Every record here must be set down once more, precisely as it reads.

## Provided data
▽
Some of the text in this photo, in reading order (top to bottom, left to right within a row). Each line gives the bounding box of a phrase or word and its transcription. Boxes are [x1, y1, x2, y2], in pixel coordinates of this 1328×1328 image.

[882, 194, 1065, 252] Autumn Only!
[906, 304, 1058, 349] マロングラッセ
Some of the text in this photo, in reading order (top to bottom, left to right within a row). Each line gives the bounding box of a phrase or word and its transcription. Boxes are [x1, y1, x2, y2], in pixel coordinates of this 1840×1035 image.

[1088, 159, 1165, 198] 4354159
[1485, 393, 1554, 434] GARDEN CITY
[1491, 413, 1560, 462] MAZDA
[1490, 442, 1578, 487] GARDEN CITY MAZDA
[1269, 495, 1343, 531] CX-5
△
## Response
Some of the text in this photo, in reading order (top to bottom, left to right within a row). Each line gives the bounding box of a phrase or word and its transcription. Boxes are [x1, y1, x2, y2], in pixel coordinates of this 1328×1328 image.

[882, 194, 1065, 252] Autumn Only!
[906, 304, 1058, 349] マロングラッセ
Some of the text in this photo, in reading order (top to bottom, left to right within a row). Each line gives the bounding box of a phrase or word and its transcription. Boxes are [x1, y1, x2, y2], in pixel coordinates of this 1840×1035 image.

[1088, 159, 1165, 198] 4354159
[1485, 393, 1554, 434] GARDEN CITY
[1491, 413, 1560, 462] MAZDA
[1490, 442, 1578, 487] GARDEN CITY MAZDA
[1269, 495, 1343, 531] CX-5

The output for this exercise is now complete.